Haptoglobin Il plasmide Double Nickase (h) consiste in una coppia di plasmidi ingegnerizzati per l'editing ad alta specificità del locus HP nelle linee cellulari human. Ciascun plasmide esprime una nickasi Cas9 D10A e un sgRNA distinto che prende di mira filamenti di DNA opposti all'interno di HP. Quando indirizzate verso siti adiacenti su filamenti di DNA opposti, le due nickasi generano tagli a filamento singolo sfalsati che insieme producono una rottura a doppio filamento sfalsata, richiedendo un'attività coordinata sul bersaglio da entrambe le guide.

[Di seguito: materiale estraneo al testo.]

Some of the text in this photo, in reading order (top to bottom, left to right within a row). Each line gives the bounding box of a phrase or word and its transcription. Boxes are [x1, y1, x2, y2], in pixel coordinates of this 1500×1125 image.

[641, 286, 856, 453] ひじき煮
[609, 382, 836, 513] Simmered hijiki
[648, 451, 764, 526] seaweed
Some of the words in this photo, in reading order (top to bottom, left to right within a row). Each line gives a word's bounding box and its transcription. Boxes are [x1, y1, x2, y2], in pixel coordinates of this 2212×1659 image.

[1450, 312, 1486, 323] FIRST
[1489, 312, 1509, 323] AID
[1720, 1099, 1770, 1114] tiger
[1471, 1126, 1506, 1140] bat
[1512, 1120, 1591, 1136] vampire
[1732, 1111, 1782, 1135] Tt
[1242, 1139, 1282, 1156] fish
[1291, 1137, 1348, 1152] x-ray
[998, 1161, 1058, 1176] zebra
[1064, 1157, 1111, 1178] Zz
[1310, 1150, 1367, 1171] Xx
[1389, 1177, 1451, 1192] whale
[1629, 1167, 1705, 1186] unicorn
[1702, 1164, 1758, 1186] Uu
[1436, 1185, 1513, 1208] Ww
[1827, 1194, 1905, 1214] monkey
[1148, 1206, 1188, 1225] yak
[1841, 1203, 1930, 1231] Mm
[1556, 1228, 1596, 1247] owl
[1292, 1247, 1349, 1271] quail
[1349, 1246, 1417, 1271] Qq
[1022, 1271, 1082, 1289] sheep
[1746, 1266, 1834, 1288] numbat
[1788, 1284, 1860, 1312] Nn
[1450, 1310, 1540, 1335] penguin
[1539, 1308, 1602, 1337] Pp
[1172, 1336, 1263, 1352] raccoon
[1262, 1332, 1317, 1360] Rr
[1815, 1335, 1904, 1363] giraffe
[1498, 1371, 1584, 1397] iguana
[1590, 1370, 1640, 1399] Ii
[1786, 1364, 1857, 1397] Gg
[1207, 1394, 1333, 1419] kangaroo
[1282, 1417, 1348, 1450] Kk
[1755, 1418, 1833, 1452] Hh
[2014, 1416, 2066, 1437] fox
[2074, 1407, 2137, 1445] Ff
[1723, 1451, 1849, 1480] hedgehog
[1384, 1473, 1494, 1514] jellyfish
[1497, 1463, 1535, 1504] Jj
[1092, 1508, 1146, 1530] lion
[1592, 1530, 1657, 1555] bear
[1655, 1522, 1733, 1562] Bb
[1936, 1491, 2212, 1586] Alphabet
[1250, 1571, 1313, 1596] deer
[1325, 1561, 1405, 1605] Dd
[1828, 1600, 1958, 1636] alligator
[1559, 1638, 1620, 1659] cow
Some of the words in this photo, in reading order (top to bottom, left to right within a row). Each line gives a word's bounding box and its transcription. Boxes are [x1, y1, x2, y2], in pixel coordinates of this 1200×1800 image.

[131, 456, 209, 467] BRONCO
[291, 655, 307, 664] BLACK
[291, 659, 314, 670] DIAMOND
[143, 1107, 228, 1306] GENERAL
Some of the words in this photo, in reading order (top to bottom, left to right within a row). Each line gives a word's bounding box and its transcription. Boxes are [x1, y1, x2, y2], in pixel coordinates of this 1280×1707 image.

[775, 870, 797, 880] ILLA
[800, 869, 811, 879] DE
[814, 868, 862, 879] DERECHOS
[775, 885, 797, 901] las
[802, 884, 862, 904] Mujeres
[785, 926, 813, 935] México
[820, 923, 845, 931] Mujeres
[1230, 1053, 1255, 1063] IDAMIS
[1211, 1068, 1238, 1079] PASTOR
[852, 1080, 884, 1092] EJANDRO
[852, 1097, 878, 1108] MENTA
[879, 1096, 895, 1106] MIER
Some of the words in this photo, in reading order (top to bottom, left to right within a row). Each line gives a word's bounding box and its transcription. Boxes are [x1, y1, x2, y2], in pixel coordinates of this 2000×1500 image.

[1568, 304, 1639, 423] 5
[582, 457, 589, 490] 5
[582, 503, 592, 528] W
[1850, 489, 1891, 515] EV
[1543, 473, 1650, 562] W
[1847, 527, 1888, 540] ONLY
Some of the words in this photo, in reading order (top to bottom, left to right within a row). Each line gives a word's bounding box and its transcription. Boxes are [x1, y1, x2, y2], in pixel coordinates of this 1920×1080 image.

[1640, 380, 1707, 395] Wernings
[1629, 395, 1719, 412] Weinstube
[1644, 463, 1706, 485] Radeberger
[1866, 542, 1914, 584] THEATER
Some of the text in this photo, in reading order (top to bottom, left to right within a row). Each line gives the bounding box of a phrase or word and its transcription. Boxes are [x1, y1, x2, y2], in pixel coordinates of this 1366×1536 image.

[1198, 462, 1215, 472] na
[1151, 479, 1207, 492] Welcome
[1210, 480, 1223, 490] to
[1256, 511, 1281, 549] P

La rottura del DNA risultante viene risolta da vie di riparazione cellulare endogene, più comunemente attraverso la giunzione non omologa delle estremità (NHEJ), portando a inserzioni o delezioni che interrompono la funzione di HP. Richiedendo il coinvolgimento di due sgRNA nel locus bersaglio, l'approccio a doppia nickasi migliora la specificità dell'editing e fornisce una strategia CRISPR complementare per applicazioni in cui è desiderato un controllo aggiuntivo sulla precisione del targeting.
Per supportare l'identificazione efficiente delle cellule modificate, un plasmide codifica la GFP per la visualizzazione fluorescente delle popolazioni trasfettate, mentre il plasmide di accompagnamento porta un gene di resistenza alla puromicina per la selezione antibiotica. Insieme, queste caratteristiche supportano l'arricchimento efficiente delle popolazioni co-trasfettate e semplificano la convalida dei cloni con HP interrotto.
Solo per uso di ricerca. Non destinato a uso diagnostico o terapeutico.